Pour être reconnues et protégeable, ces titres doivent faire l’objet d’un dépôt auprès d’un organisme officiels de propriété intellectuelle. Ainsi en France il s’agit de l’Institut national de propriété industrielle (INPI), au niveau européen de l’Office européen des brevets (OEB). Enfin pour effectuer des dépôts à l’international, il est recommandé de passer par l’Organisme mondial de la propriété intellectuelle (OMPI) ; vous pouvez toutefois toujours passer par les organismes nationaux locaux.
Pour être titulaire d’un titre de propriété intellectuelle, vous pouvez être une personne physique ou une personne morale. Si vous pouvez effectuer le dépôt de brevet par vos propres moyens, ils toutefois vivement conseillé de se faire accompagner par un mandataire, de préférence un conseil en propriété industrielle ou par toute autre personne ayant la capacité de représentation comme spécifié sur le site de l’INPI.
Quels sont les titres permettant la protection d’une invention ?
Il existe plusieurs titres permettant la protection de votre invention en France :
- Le brevet : c’est un titre de propriété industrielle conférant à son titulaire un monopole d’exploitation sur l’invention ciblée. Ce titre confère un monopole pour 20 ans maximum. Il est nécessaire pour effectuer le dépôt de répondre
- La demande provisoire de brevet : elle permet de faire un dépôt préliminaire, rapide, de votre invention auprès de l’INPI. Ce titre est mis à disposition lorsqu’il semble nécessaire pour le déposant d’effectuer le dépôt mais celui-ci ne dispose pas encore de l’ensemble de la documentation nécessaire. Pour répondre à cette urgence, il est demandé au déposant de remettre uniquement la description de l’invention et ses possibles dessins. Le déposant dispose alors de 12 mois pour finaliser l’ensemble des pièces pour concrétiser le brevet. Au-delà il ne disposera plus de l’avantage conféré par le brevet.
- Le certificat d’utilité : à l’instar du brevet, celui-ci protège l’invention par un monopole d’exploitation mais diffère par sa durée. En effet, celle-ci n’est que de 10 ans. De plus, la recherche d'antériorité n'est pas établie au cours de la procédure d'examen. Le certificat d’utilité peut être à son tour transformé en brevet traditionnel dans un délai de 16 mois à la suite du dépôt. Il sera alors nécessaire d’y adjoindre la recherche d’antériorité et de payer la taxe de recherche.
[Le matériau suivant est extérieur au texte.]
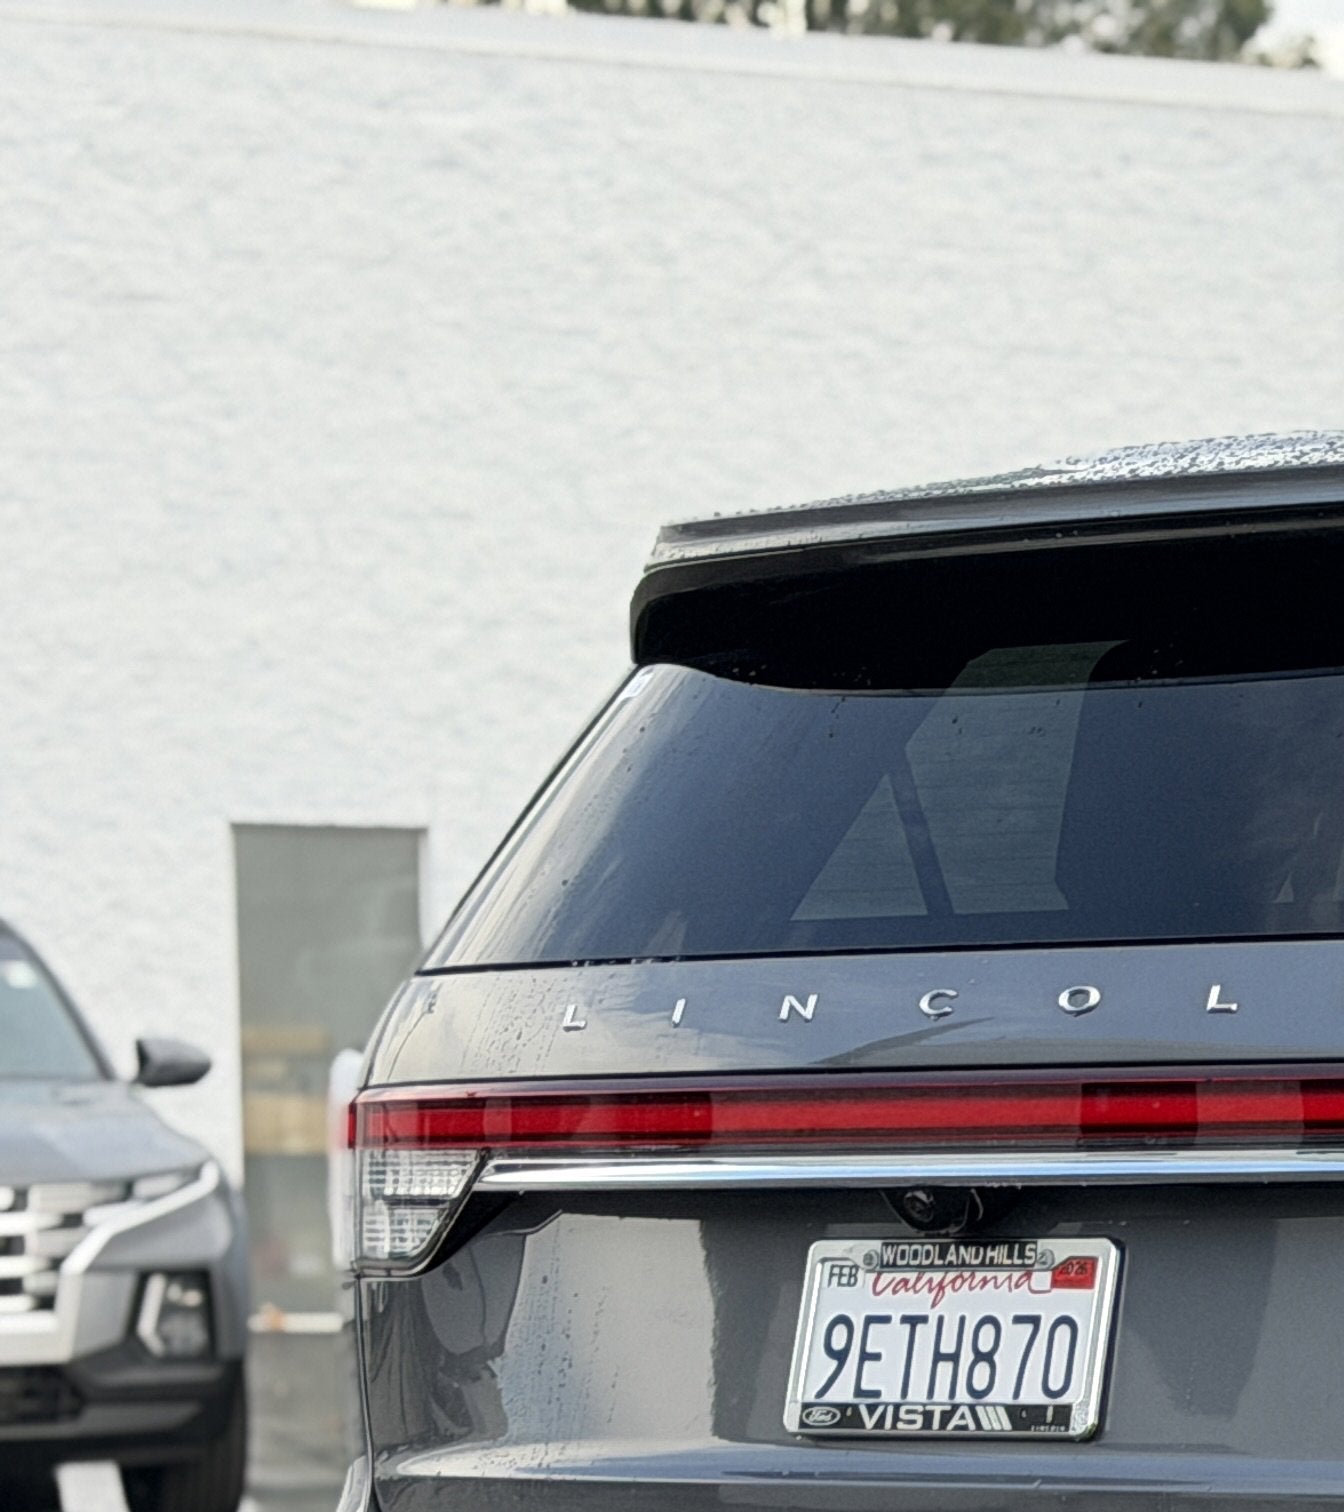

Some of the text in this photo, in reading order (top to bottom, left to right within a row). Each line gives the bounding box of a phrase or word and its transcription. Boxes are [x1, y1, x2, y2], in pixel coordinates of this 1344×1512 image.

[881, 1242, 1036, 1266] WOODLAND HILLS
[828, 1263, 859, 1288] FEB
[814, 1313, 1079, 1401] 9ETH870
[858, 1404, 976, 1431] VISTA
- Le brevet unitaire : il s’agit d’un titre de propriété industrielle de brevet au niveau européen, relevant du droit de l’union européenne. Pour en apprendre plus se référer à la fiche le Brevet Unitaire.
Il existe aussi les certificats complémentaires prolongeant la durée effective de protection pour les brevets portant sur des médicaments humains ou vétérinaires ou sur des produits phytopharmaceutiques pour lesquels une autorisation de mise sur le marché est nécessaire.
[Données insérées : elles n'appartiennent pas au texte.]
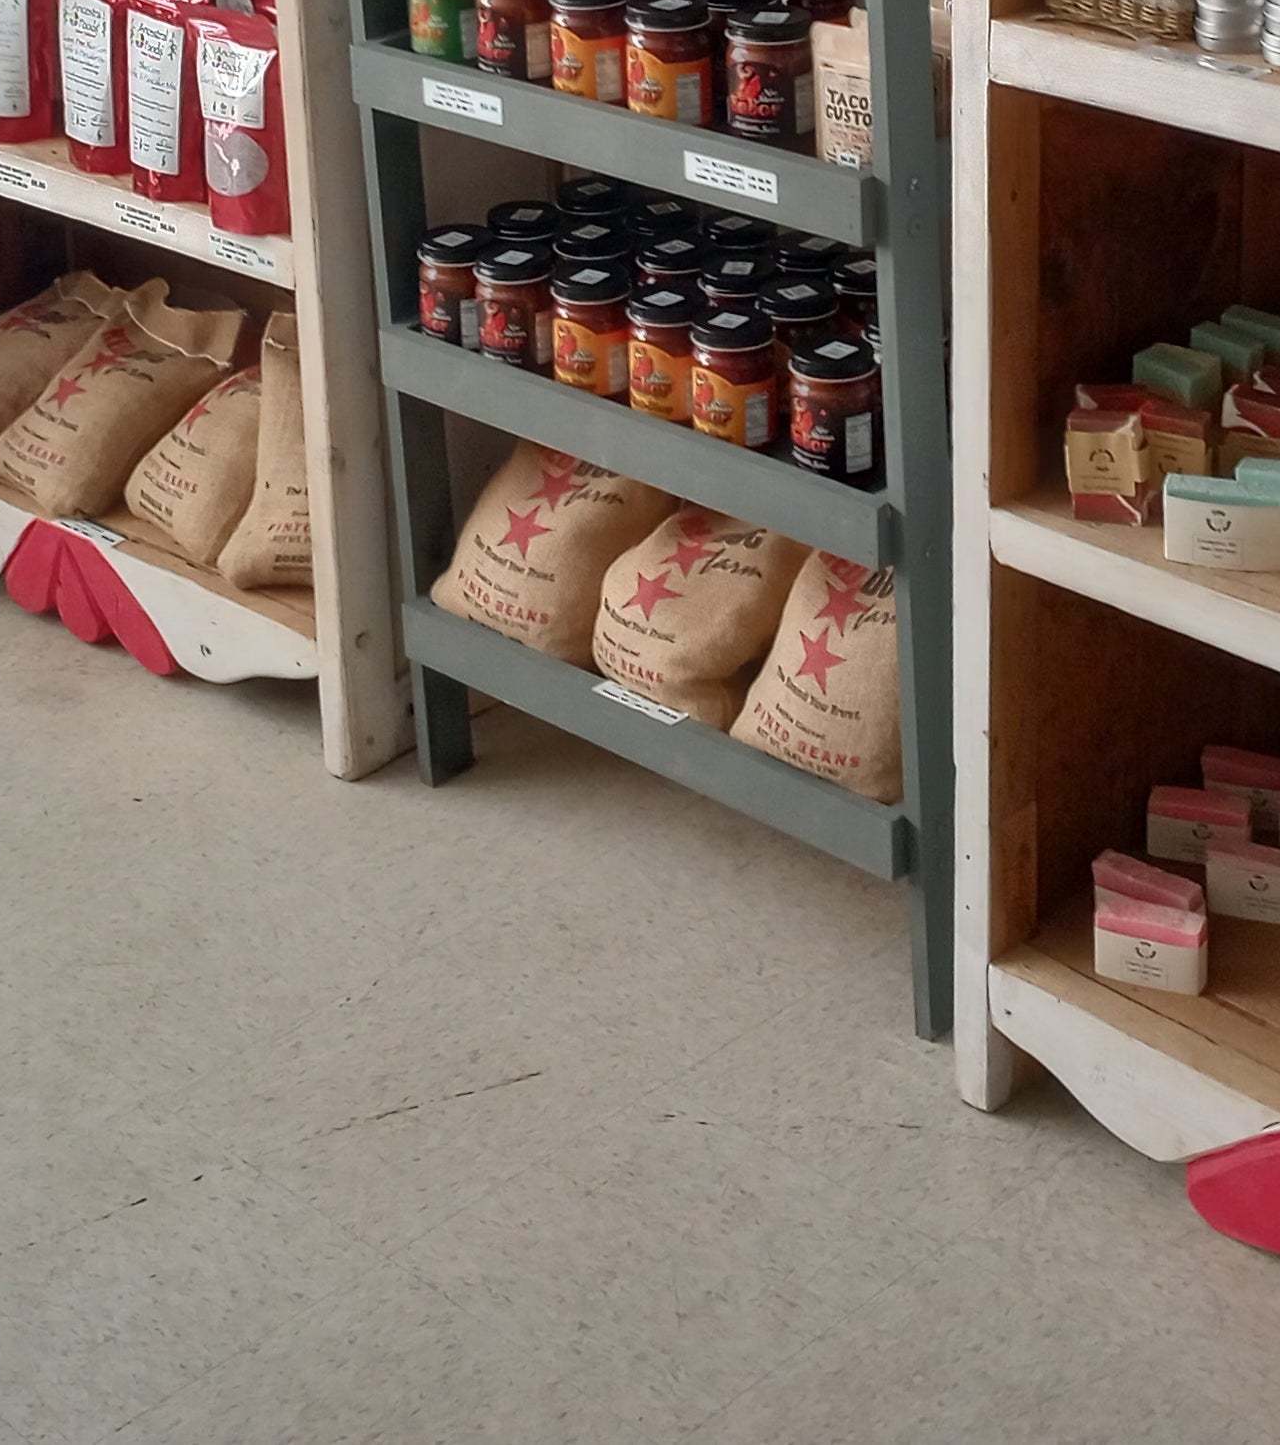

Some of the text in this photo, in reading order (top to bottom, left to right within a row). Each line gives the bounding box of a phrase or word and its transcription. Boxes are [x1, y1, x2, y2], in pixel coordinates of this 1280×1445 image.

[826, 88, 869, 110] TACO
[826, 105, 873, 128] GUSTO
[164, 471, 199, 494] BEANS
[698, 547, 762, 579] farm
[458, 569, 550, 626] PINTO BEANS
[621, 660, 664, 684] BEANS
[830, 703, 861, 721] Trust
[753, 702, 860, 769] PINTO BEANS
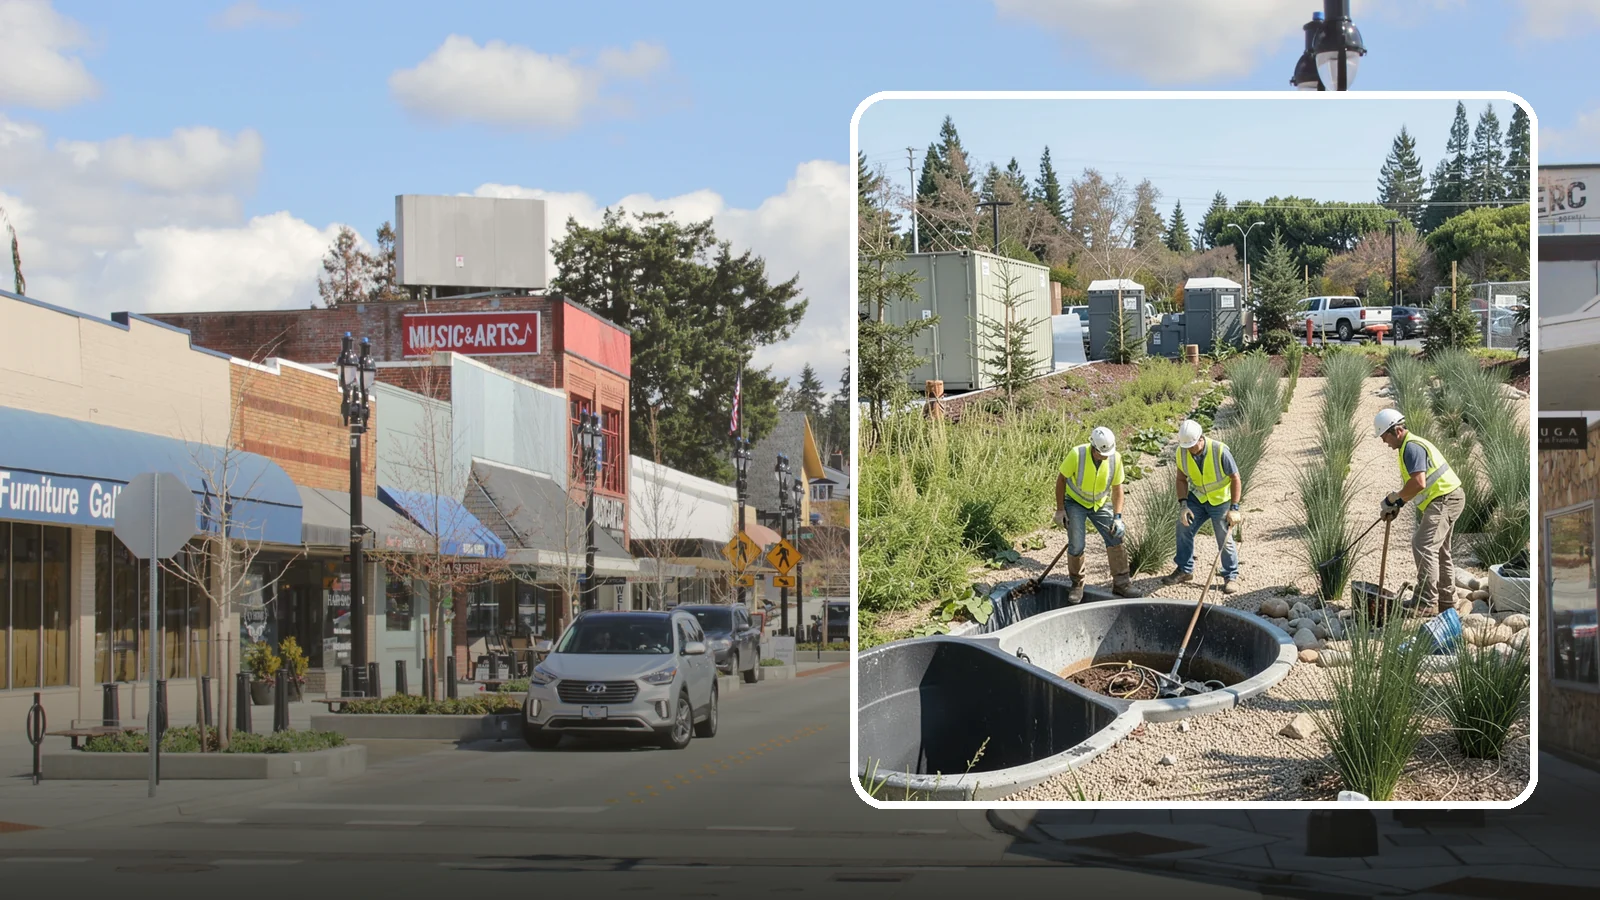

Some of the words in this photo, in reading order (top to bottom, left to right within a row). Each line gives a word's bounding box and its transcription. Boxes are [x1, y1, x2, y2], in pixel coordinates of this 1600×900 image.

[408, 322, 520, 349] MUSIC&ARTS
[0, 471, 79, 515] Furniture
[89, 482, 122, 519] Gal
Quelle stratégie appliquer à ces titres de propriété industrielle ?
Ces titres doivent répondre à des impératifs, notamment :
- Financier : le dépôt d’un brevet coûte de l’argent et le maintien d’un ou plusieurs brevets dans un ou des pays peut vite faire monter la note. Il est alors important d’évaluer le cout/bénéfice de l’exploitation d’une marque sur un territoire.
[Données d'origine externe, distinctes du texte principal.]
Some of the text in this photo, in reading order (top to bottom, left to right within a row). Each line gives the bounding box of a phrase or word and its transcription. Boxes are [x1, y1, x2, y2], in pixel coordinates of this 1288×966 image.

- Géographique : votre brevet doit être déposé sur un territoire donné ce qui suppose au préalable d’avoir un intérêt économique sur ce territoire. Par exemple il ne paraît pas opportun de déposer un brevet unitaire si vous n’avez pas de clientèle en dehors de la France et que vous ne souhaitez pas prospecter en dehors des frontières nationales.
- Secret : votre innovation peut être source de convoitise par vos concurrents. Révéler trop d’informations sur une invention lors de la parution de votre brevet peut se révéler des informations confidentielles que vous n’aviez peut être pas initialement prévues. Il est important de maîtriser la divulgation d’information, c’est pourquoi se rapprocher d’un professionnel pour rédiger votre brevet reste aussi primordial.
Le secret concernant votre invention est tout aussi primordial en amont du dépôt de votre brevet. En effet, si vous divulgué publiquement tout ou partie de votre invention avant d’être brevetée, celle-ci ne sera plus nouvelle et sera alors considérée comme non brevetable.